Barnes & Noble bookstore at Genesee Valley Center will be hosting an appearance by Elvis Presley Jr. on July 22.

Barnes & Noble bookstore at Genesee Valley Center will be hosting an appearance by Elvis Presley Jr. on July 22.

FLINT TWP. — Elvis will soon be in the building. No, not that Elvis, but close.

Elvis Aaron Presley Jr. says he is the son of the legendary rock-and-roll singer who died Aug. 16, 1977, at the age of 42.

A singer in his own right, Elvis Jr., is coming to town to sign copies of his latest CD, “Live from Birmingham.” He is scheduled for an appearance at the Barnes and Noble bookstore at Genesee Valley Center Mall, from 6-8 p.m., on Monday July 22, and is also scheduled to perform the next night, with Tommy Vale & The Torpedos, at the Clio Amphitheater.

“He is going to be signing his DVDs and CDs,” said Katie Hugelier, community relations manager for the Barnes & Noble, 4370 Miller Rd. “Live from Birmingham is his latest, but we have brought in some of his others as well.”

Whether all-shook-up, or just curious, Elvis fans will have a chance to meet and chat with the singer during the event, she said.

Similar to book signings at the store, Elvis Jr. will be set up in front of the store and open to the public on a firstcome, first-served basis.

Hugelier said she is not certain if Elvis Jr. will be bringing his traveling museum with him. It is set up in a custom RV and features one of the world’s largest private collections of Elvis memorabilia, including costumes, jewelry, motorcycles, and even his blue suede shoes.

It will be one of two Michigan stops for Elvis Jr. He is scheduled for an appearance earlier in the day at the B & N bookstore in Brighton, Hugelier said.

Before being approached by Elvis’ promoter, Hugelier confessed she was among the many who did not know Elvis had a son.

Here is some of the back story according to information provided on Elvis Jr.’s website at

Unknown to his famous father, Elvis Jr. was born out-of-wedlock on Dec. 24, 1961, in Gary, Indiana, as a result of a liaison with Angelique Delores Pettyjohn, a young actress who was an extra in Elvis’ film “Blue Hawaii.”

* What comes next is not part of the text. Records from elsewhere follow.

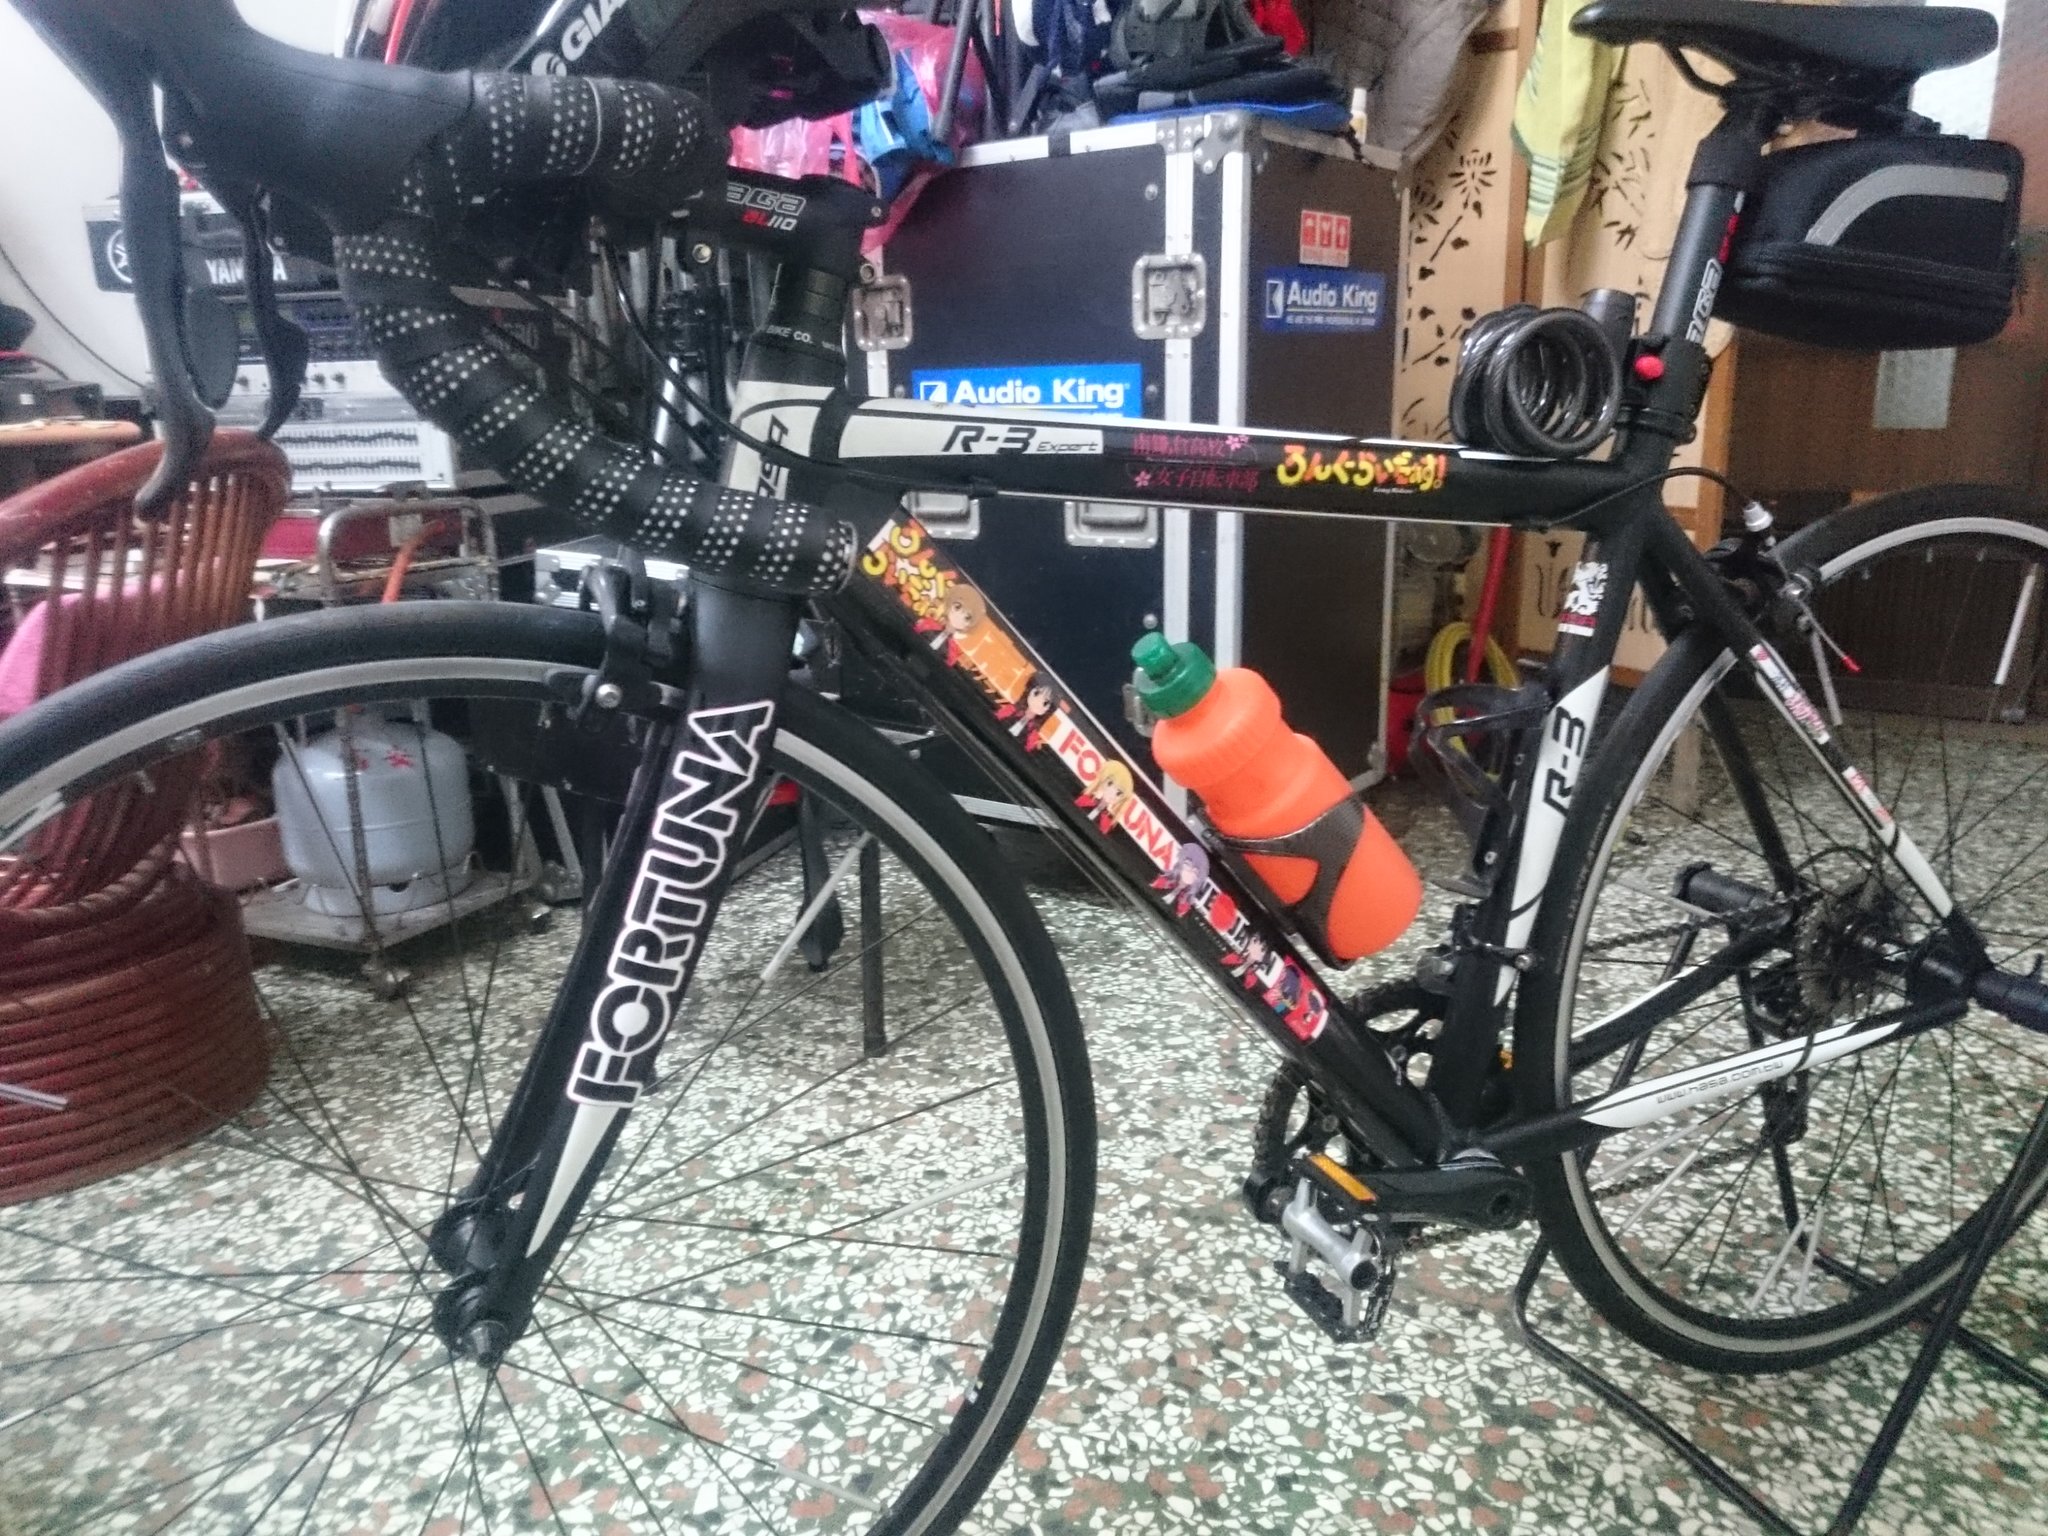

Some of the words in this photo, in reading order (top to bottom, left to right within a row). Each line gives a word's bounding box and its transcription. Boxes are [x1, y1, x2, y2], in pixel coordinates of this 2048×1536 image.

[205, 257, 288, 285] YAMA
[1286, 280, 1338, 307] Audio
[1341, 284, 1378, 314] King
[951, 379, 1041, 405] Audio
[1052, 378, 1124, 409] King
[941, 424, 1037, 454] R-3
[1036, 441, 1099, 455] Expert
[1542, 705, 1586, 818] R-3
[1058, 728, 1175, 871] FOUNA
[566, 700, 775, 1109] FORTUNA

Elvis’ manager, Colonel Tom Parker, feared that a marriage to Angelique, and impending fatherhood, would seriously damage the King’s reputation, so “great pressure was exerted upon the actress to have an abortion.” She refused, but agreed to a secret adoption.

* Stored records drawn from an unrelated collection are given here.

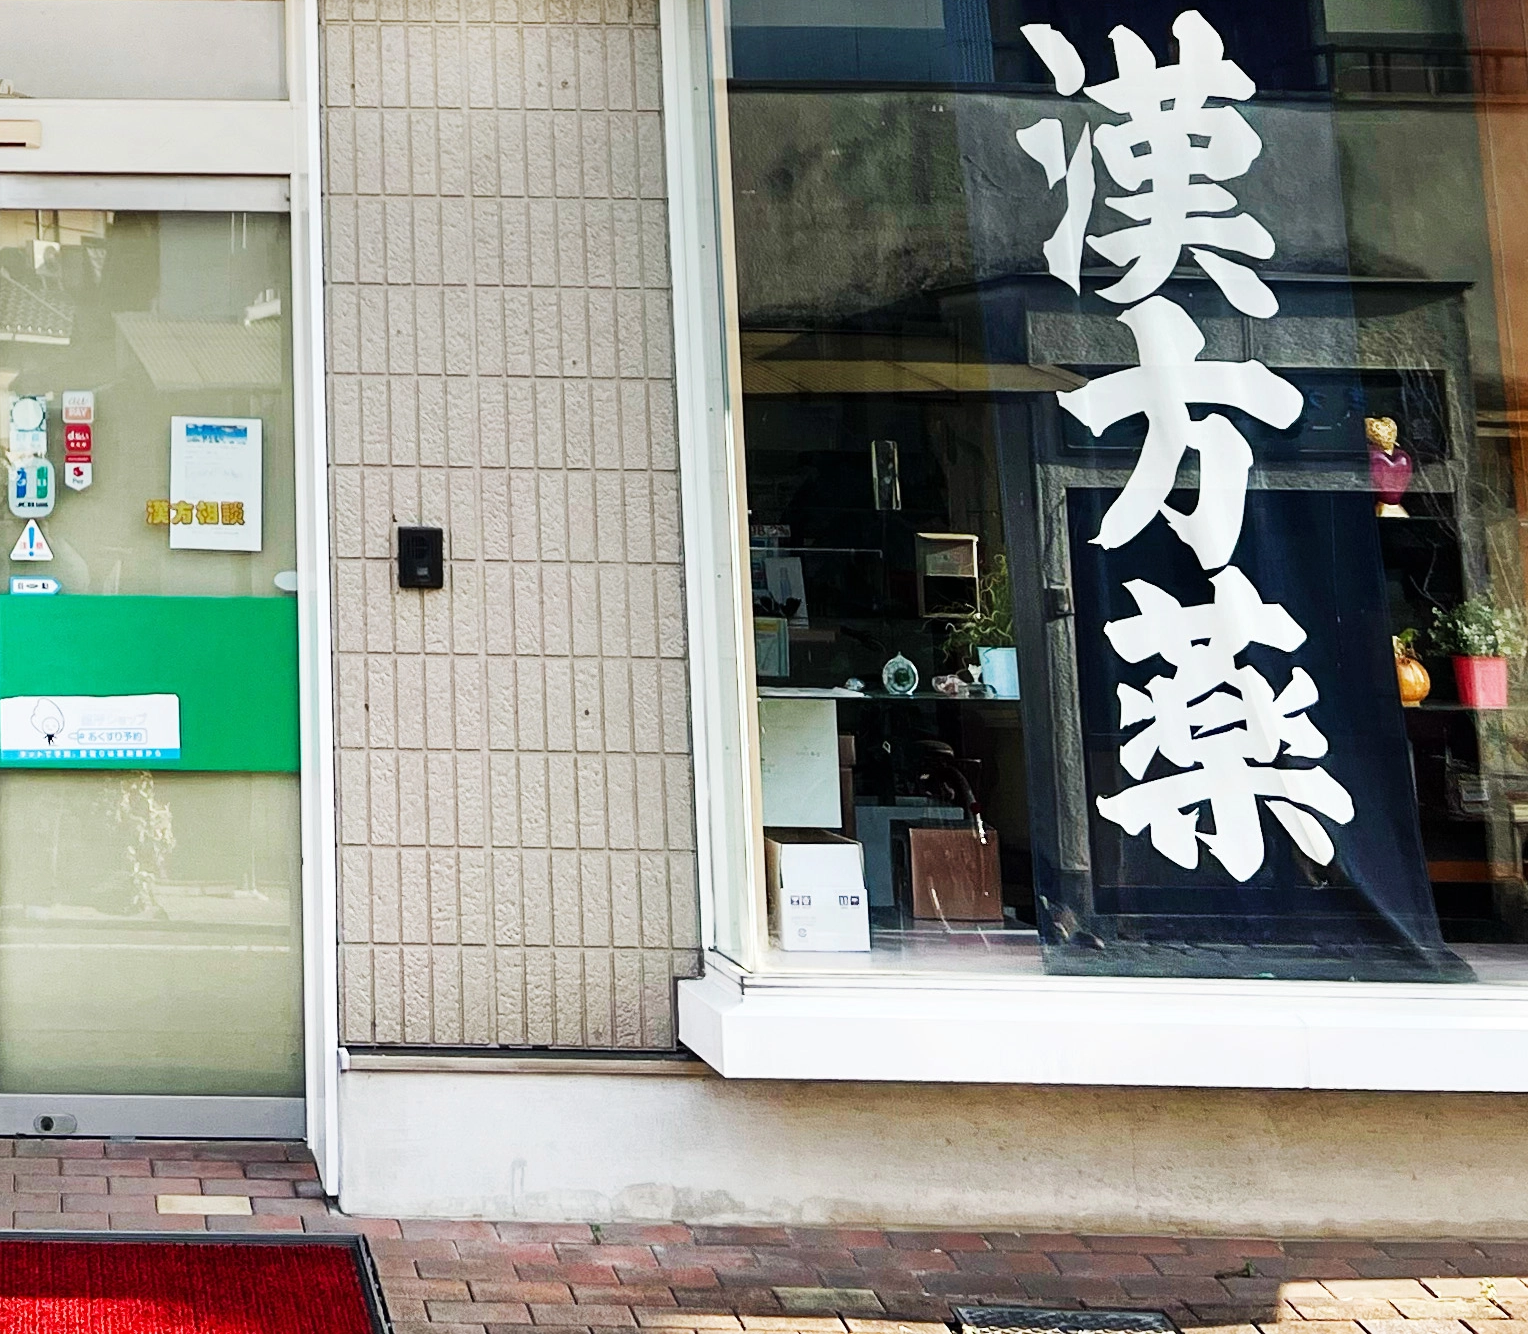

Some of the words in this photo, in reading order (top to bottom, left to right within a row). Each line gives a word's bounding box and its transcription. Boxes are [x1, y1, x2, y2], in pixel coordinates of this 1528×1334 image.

[146, 499, 246, 526] 漢方相談
[1015, 9, 1356, 882] 漢方薬
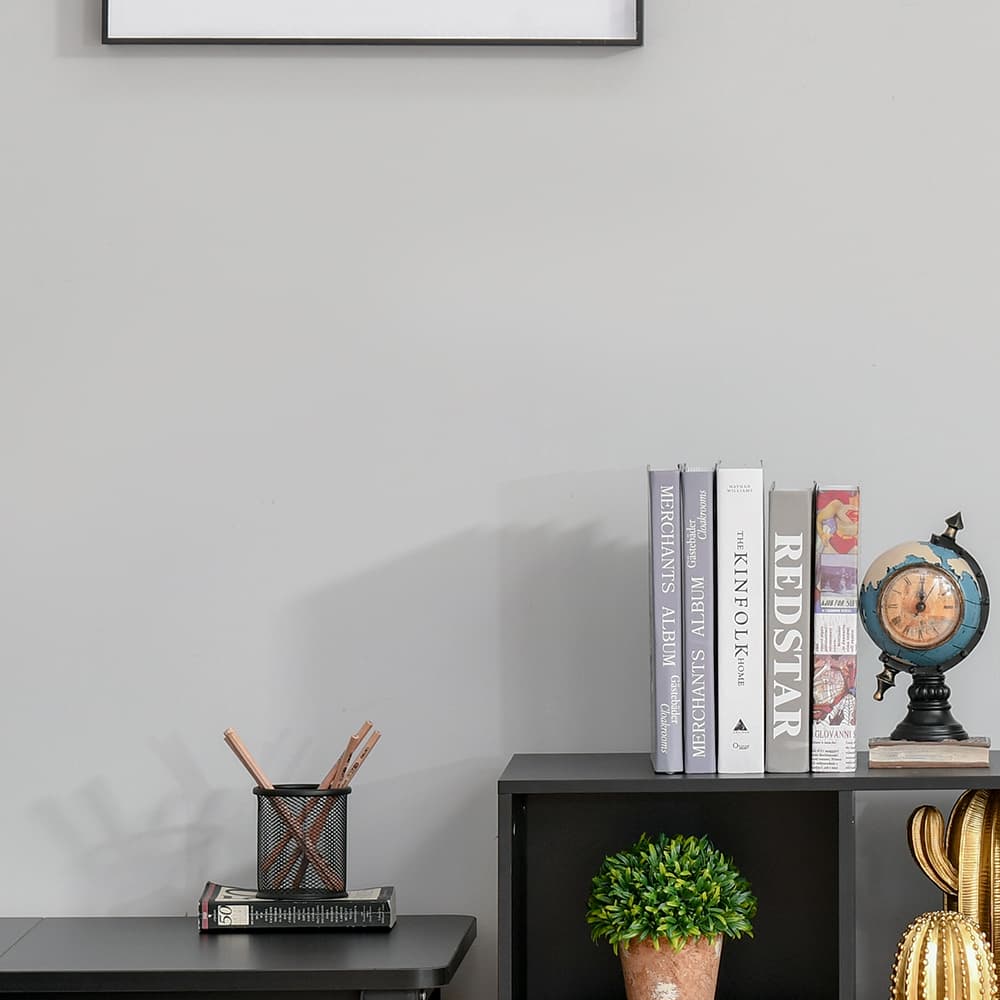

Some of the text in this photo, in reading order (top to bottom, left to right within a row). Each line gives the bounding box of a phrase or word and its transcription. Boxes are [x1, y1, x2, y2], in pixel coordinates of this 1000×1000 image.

[660, 485, 676, 666] MERCHANTS ALBUM
[696, 489, 707, 540] Cloakrooms
[690, 576, 706, 758] MERCHANTS ALBUM
[734, 530, 749, 687] THE KINFOLK HOME
[773, 532, 804, 740] REDSTAR
[660, 703, 671, 753] Cloakrooms
[218, 904, 232, 926] 50

Colonel Parker arranged for the infant to be adopted by a childless Yugoslavian couple known as “The Vargas,” performers who were traveling with the Ringling Brothers Circus throughout North America. They agreed not to reveal, under any circumstances, the child’s biological parents, until the boy reached his 21st birthday, and also not to seek any monetary compensation from the Presley family on behalf of the child.

Elvis Jr. began life as Phillip Stanic and grew up in the glittering circus world.

“After much inner struggle, Phillip realized that he wanted his true identity to be acknowledged,” according to his website bio. “He applied for and was granted on January 21, 1985, the legal right to bear the name Elvis Aaron Presley, Jr. by the United States Federal Court system. After sufficient documents, sworn testimonies, and additional evidence presented by independent third parties were presented to a judge, and after proof having been made to the satisfaction of the Court.”

Elvis Jr. has been singing and performing since age 16 in clubs and showcases. He has performed around the world in 18 countries and produced 21 DVDs of his performances and 34 CDs, culled from both live and studio performances.